**Work required**. Copy out exactly the line that contains "this 2048×1152 image." and all lines following it to the end of the data.

** Records for processing follows **

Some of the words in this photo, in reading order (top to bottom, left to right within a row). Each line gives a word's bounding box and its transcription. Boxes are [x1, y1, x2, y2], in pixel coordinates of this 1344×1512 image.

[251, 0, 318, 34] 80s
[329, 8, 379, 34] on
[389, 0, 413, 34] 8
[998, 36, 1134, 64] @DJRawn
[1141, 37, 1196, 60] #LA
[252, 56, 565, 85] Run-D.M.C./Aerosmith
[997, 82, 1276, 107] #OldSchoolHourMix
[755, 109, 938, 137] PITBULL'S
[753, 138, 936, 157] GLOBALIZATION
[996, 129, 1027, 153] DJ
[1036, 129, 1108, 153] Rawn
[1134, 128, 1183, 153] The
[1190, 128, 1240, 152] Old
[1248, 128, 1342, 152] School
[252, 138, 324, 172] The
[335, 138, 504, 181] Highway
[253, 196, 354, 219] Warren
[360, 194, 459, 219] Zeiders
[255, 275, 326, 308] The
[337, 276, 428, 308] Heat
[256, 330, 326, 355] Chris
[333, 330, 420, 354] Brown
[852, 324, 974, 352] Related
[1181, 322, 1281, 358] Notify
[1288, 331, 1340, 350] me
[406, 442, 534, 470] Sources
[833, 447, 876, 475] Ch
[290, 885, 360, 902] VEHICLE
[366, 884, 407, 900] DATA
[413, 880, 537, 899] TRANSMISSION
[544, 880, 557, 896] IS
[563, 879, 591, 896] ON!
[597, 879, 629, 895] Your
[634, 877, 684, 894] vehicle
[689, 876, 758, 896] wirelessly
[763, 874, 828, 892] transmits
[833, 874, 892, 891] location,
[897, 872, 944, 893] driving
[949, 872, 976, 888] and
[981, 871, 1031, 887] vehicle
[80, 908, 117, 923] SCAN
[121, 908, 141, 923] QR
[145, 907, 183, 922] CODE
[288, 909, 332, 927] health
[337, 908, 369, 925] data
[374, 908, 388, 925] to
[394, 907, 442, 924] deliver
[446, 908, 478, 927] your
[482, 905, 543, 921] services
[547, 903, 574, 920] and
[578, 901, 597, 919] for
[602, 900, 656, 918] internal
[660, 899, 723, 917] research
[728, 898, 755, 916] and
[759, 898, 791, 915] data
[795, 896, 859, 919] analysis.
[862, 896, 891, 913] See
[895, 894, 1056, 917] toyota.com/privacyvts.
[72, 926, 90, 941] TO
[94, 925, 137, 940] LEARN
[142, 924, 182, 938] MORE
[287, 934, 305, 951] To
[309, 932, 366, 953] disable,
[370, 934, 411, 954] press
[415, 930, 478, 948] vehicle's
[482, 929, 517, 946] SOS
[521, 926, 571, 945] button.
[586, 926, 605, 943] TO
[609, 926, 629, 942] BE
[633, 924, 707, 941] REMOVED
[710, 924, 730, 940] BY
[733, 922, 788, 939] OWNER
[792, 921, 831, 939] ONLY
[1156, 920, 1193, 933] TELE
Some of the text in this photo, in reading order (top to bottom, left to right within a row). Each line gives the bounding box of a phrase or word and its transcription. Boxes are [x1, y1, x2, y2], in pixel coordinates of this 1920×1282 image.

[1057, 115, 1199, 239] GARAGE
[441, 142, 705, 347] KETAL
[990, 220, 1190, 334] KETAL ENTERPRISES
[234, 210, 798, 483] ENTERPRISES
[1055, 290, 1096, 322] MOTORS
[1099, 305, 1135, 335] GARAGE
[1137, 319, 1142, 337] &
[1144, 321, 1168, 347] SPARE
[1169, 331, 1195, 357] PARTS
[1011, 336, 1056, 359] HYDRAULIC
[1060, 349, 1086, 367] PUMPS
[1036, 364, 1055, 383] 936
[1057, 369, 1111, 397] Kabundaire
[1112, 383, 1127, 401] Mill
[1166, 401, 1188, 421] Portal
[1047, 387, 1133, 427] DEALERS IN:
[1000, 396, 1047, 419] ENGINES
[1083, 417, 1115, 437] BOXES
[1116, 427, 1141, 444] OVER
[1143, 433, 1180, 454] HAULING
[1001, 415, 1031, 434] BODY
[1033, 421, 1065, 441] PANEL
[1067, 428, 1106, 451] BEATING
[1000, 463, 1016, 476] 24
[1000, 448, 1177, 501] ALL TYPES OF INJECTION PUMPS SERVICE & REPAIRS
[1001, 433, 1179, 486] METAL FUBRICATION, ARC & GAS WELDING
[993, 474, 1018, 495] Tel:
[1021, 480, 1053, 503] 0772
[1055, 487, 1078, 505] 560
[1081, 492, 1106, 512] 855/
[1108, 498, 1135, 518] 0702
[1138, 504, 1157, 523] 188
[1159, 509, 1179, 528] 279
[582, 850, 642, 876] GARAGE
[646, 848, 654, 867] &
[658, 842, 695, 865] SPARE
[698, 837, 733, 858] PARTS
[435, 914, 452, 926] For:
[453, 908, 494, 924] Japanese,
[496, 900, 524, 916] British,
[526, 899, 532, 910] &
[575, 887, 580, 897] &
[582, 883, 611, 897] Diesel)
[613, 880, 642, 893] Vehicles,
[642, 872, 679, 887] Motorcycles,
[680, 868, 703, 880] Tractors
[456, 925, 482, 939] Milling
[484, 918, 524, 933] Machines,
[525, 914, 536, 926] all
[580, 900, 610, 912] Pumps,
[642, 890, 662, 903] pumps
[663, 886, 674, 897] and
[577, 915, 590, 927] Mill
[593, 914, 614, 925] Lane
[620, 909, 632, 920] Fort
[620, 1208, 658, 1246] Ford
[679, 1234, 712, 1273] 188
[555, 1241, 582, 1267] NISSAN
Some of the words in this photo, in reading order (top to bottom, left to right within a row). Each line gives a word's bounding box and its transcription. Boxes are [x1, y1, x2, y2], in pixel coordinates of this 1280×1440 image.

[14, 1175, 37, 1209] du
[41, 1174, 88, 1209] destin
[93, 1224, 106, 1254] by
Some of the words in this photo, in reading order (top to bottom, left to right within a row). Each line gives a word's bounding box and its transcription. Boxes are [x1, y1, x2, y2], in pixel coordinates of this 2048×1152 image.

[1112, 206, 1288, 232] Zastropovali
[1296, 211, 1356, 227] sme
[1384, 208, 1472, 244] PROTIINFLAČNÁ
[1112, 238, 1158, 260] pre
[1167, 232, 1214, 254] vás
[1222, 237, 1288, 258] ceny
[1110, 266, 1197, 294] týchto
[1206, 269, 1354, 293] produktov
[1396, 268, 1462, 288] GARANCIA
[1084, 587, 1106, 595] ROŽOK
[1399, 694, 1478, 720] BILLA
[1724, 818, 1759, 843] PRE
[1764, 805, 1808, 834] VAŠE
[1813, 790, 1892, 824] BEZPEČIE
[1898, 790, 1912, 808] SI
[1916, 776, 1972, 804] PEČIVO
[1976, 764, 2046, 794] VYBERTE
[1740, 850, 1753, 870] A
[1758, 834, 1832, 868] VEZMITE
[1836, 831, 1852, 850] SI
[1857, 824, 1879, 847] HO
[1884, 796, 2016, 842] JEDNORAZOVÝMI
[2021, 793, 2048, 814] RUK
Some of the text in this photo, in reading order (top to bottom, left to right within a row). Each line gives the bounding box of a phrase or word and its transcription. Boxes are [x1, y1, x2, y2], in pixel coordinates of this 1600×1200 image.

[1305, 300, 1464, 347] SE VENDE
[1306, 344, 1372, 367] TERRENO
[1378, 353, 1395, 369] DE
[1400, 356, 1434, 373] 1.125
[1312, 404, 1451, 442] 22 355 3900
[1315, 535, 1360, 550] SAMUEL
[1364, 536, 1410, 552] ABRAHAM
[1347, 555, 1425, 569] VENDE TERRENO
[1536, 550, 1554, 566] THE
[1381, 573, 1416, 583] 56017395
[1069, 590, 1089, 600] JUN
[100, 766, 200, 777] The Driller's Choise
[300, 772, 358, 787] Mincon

** End of Records for processing **

**Reply to the task**.
Some of the words in this photo, in reading order (top to bottom, left to right within a row). Each line gives a word's bounding box and its transcription. Boxes are [x1, y1, x2, y2], in pixel coordinates of this 2048×1152 image.

[1112, 206, 1288, 232] Zastropovali
[1296, 211, 1356, 227] sme
[1384, 208, 1472, 244] PROTIINFLAČNÁ
[1112, 238, 1158, 260] pre
[1167, 232, 1214, 254] vás
[1222, 237, 1288, 258] ceny
[1110, 266, 1197, 294] týchto
[1206, 269, 1354, 293] produktov
[1396, 268, 1462, 288] GARANCIA
[1084, 587, 1106, 595] ROŽOK
[1399, 694, 1478, 720] BILLA
[1724, 818, 1759, 843] PRE
[1764, 805, 1808, 834] VAŠE
[1813, 790, 1892, 824] BEZPEČIE
[1898, 790, 1912, 808] SI
[1916, 776, 1972, 804] PEČIVO
[1976, 764, 2046, 794] VYBERTE
[1740, 850, 1753, 870] A
[1758, 834, 1832, 868] VEZMITE
[1836, 831, 1852, 850] SI
[1857, 824, 1879, 847] HO
[1884, 796, 2016, 842] JEDNORAZOVÝMI
[2021, 793, 2048, 814] RUK
Some of the text in this photo, in reading order (top to bottom, left to right within a row). Each line gives the bounding box of a phrase or word and its transcription. Boxes are [x1, y1, x2, y2], in pixel coordinates of this 1600×1200 image.

[1305, 300, 1464, 347] SE VENDE
[1306, 344, 1372, 367] TERRENO
[1378, 353, 1395, 369] DE
[1400, 356, 1434, 373] 1.125
[1312, 404, 1451, 442] 22 355 3900
[1315, 535, 1360, 550] SAMUEL
[1364, 536, 1410, 552] ABRAHAM
[1347, 555, 1425, 569] VENDE TERRENO
[1536, 550, 1554, 566] THE
[1381, 573, 1416, 583] 56017395
[1069, 590, 1089, 600] JUN
[100, 766, 200, 777] The Driller's Choise
[300, 772, 358, 787] Mincon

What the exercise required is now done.